### What to work on
Retype the data below verbatim; pictures do not belong in the copy.
────────────────────────────────────────
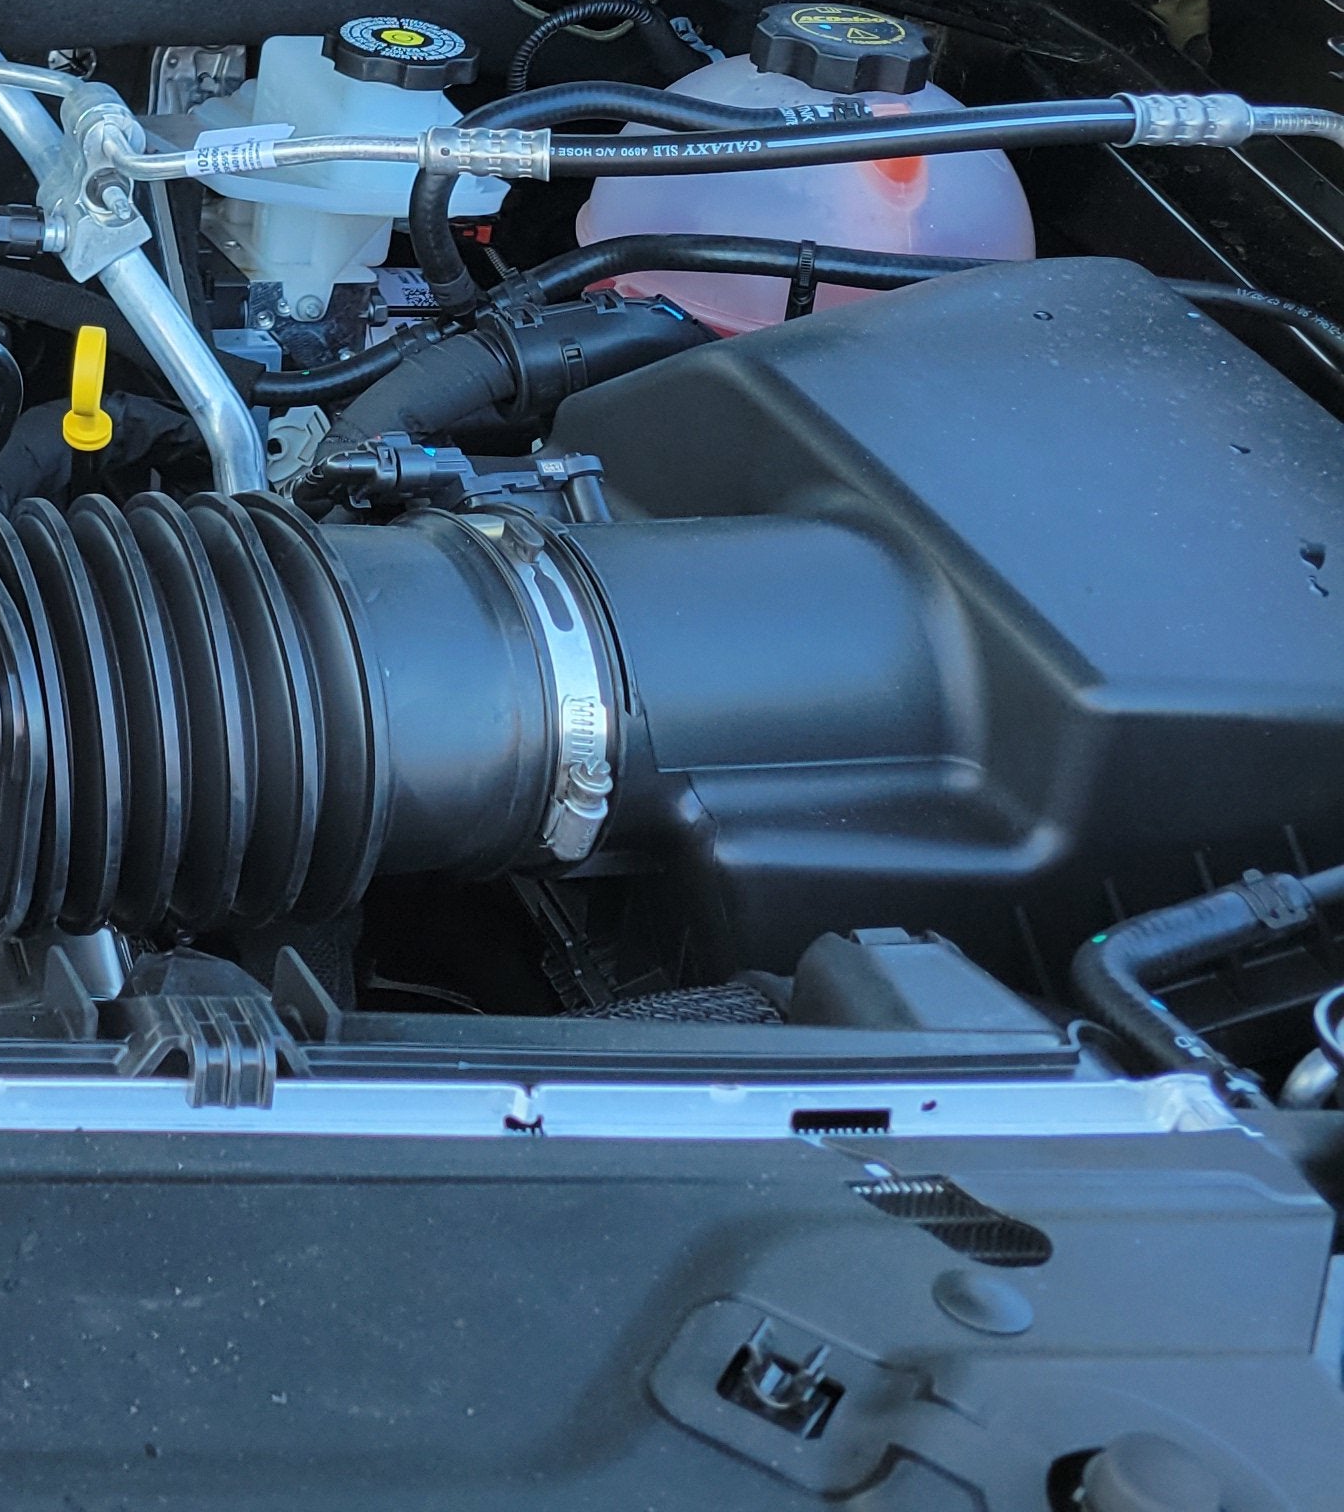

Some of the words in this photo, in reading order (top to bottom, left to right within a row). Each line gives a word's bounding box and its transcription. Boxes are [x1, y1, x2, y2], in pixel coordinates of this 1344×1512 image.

[558, 148, 593, 157] HOSE
[595, 148, 614, 157] A/C
[653, 144, 678, 157] SLE
[682, 140, 761, 157] GALAXY
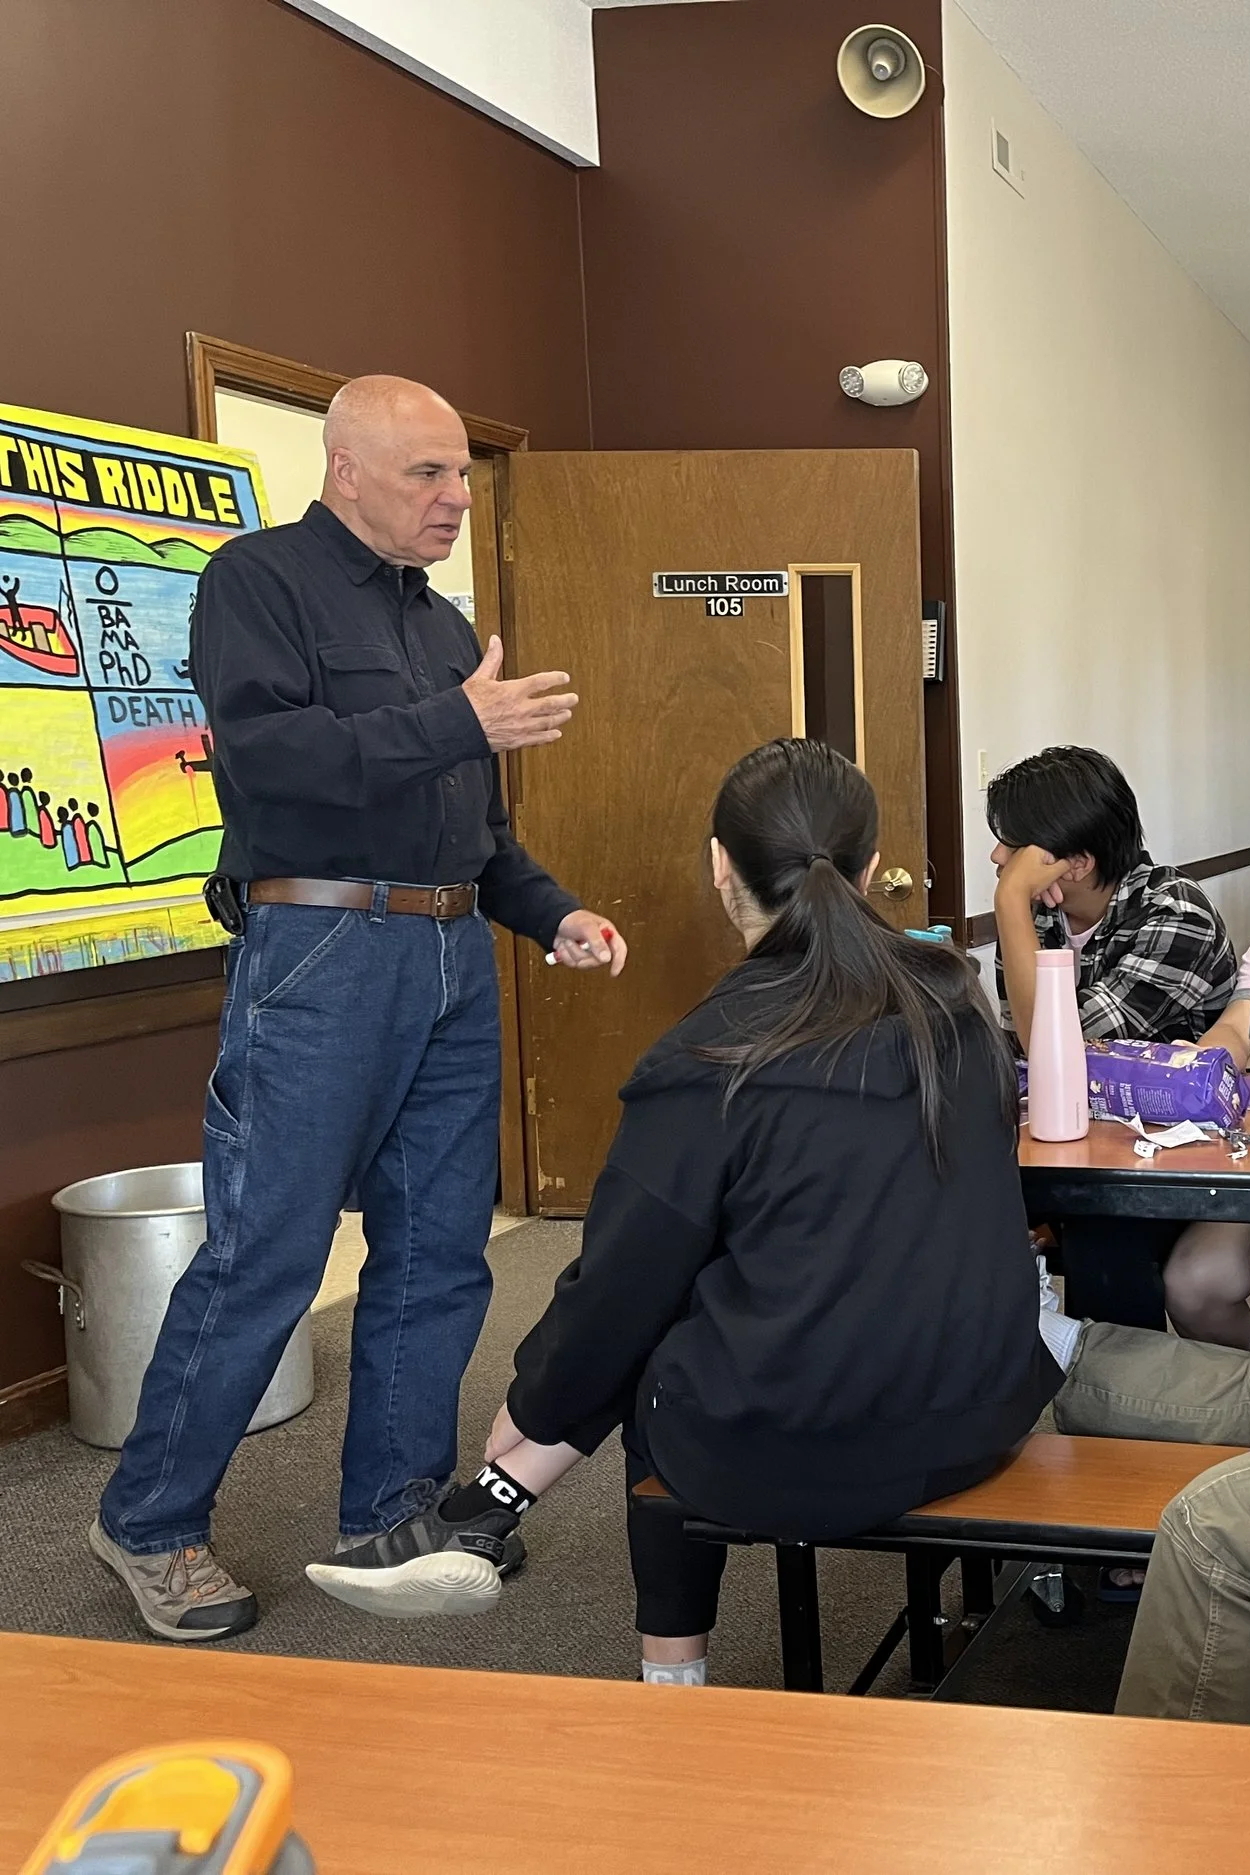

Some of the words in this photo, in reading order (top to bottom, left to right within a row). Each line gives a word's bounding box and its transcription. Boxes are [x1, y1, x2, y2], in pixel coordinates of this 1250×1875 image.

[0, 435, 90, 502] THIS
[93, 456, 240, 525] RIDDLE
[661, 575, 718, 592] Lunch
[725, 575, 780, 592] Room
[707, 597, 742, 616] 105
[108, 695, 198, 729] DEATH
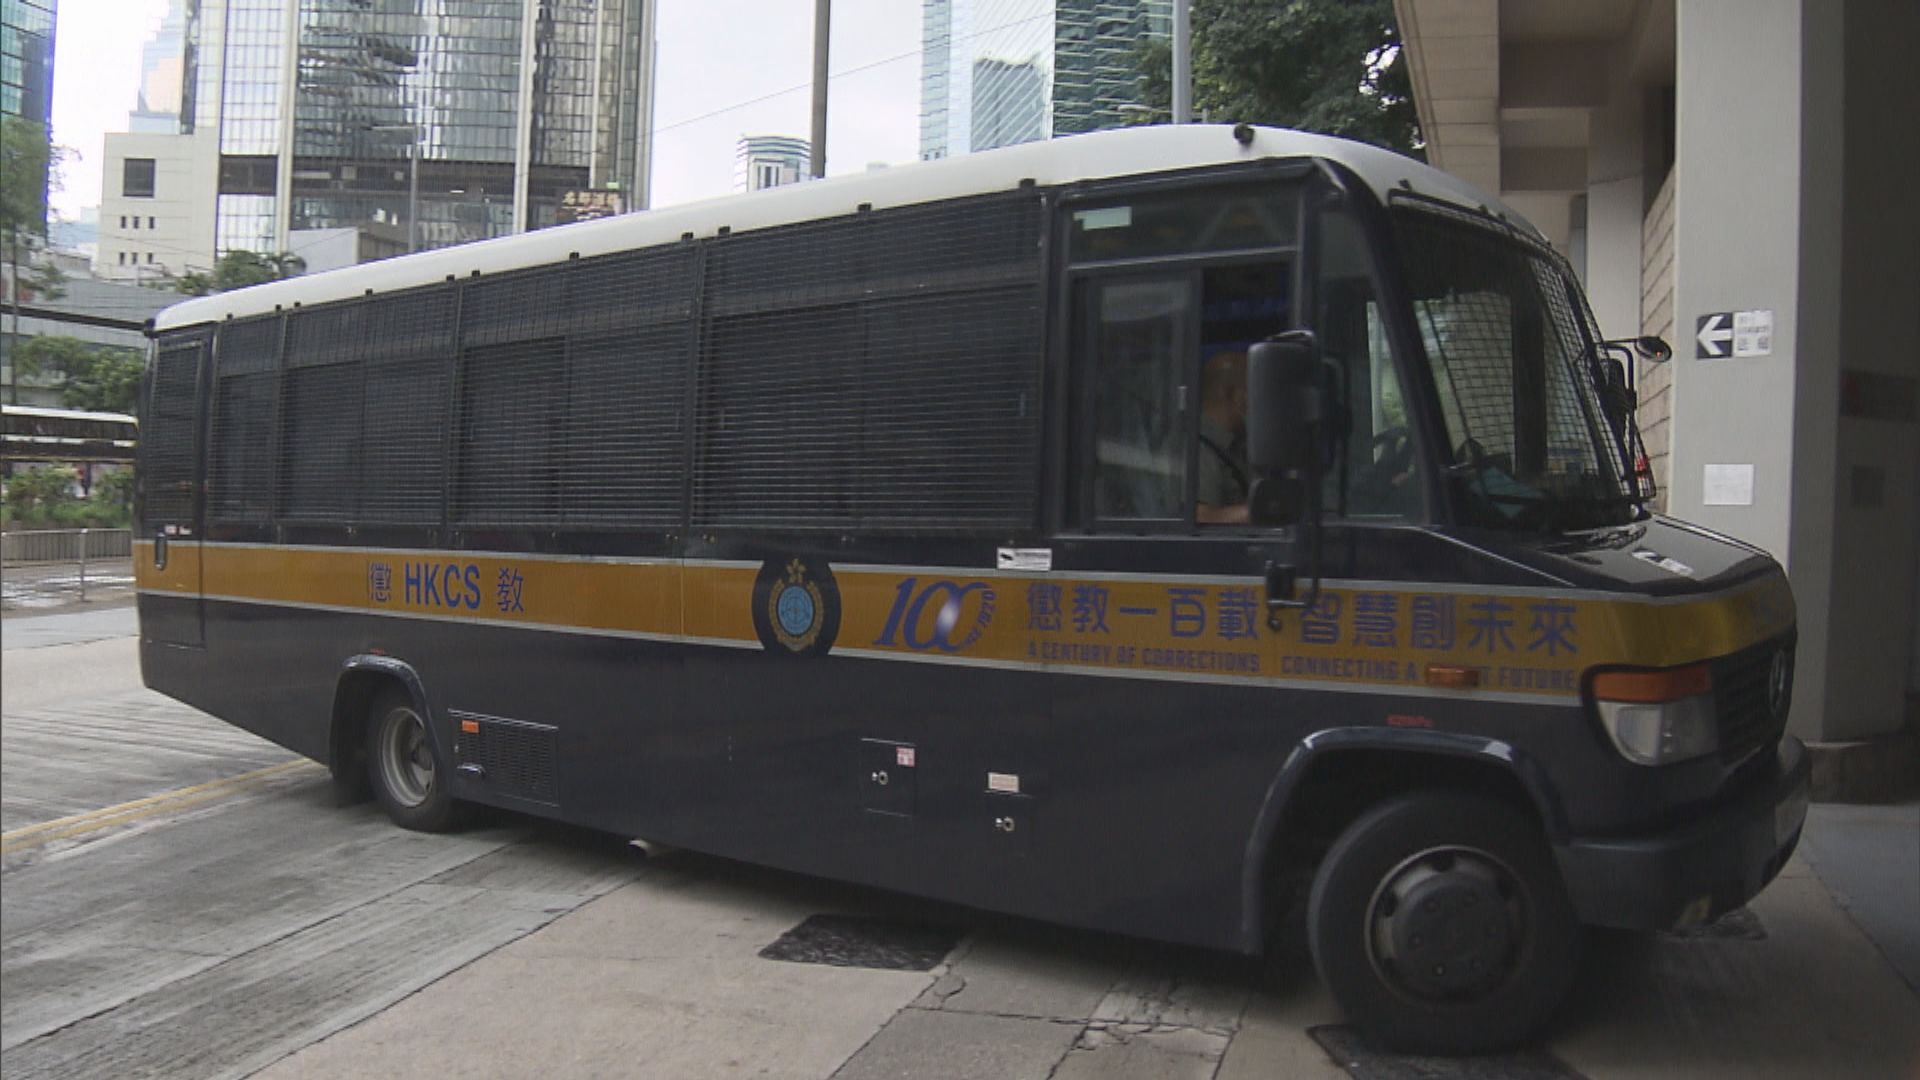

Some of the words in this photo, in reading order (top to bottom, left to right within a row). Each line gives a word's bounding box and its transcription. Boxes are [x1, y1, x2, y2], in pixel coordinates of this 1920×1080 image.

[405, 562, 481, 610] HKCS
[872, 576, 993, 653] 100
[1041, 642, 1112, 665] CENTURY
[1117, 645, 1137, 664] OF
[1141, 647, 1261, 673] CORRECTIONS
[1281, 655, 1399, 681] CONNECTING
[1498, 667, 1577, 690] FUTURE
────────────────────────────────────────
### Problem solution
Some of the words in this photo, in reading order (top to bottom, left to right within a row). Each line gives a word's bounding box and its transcription. Boxes are [x1, y1, x2, y2], in pixel coordinates of this 1344×1512 image.

[558, 148, 593, 157] HOSE
[595, 148, 614, 157] A/C
[653, 144, 678, 157] SLE
[682, 140, 761, 157] GALAXY

Some of the words in this photo, in reading order (top to bottom, left to right within a row). Each line gives a word's bounding box and its transcription. Boxes are [x1, y1, x2, y2], in pixel coordinates of this 1250×1875 image.

[0, 435, 90, 502] THIS
[93, 456, 240, 525] RIDDLE
[661, 575, 718, 592] Lunch
[725, 575, 780, 592] Room
[707, 597, 742, 616] 105
[108, 695, 198, 729] DEATH

Some of the words in this photo, in reading order (top to bottom, left to right within a row). Each line gives a word's bounding box and its transcription. Boxes are [x1, y1, x2, y2], in pixel coordinates of this 1920×1080 image.

[405, 562, 481, 610] HKCS
[872, 576, 993, 653] 100
[1041, 642, 1112, 665] CENTURY
[1117, 645, 1137, 664] OF
[1141, 647, 1261, 673] CORRECTIONS
[1281, 655, 1399, 681] CONNECTING
[1498, 667, 1577, 690] FUTURE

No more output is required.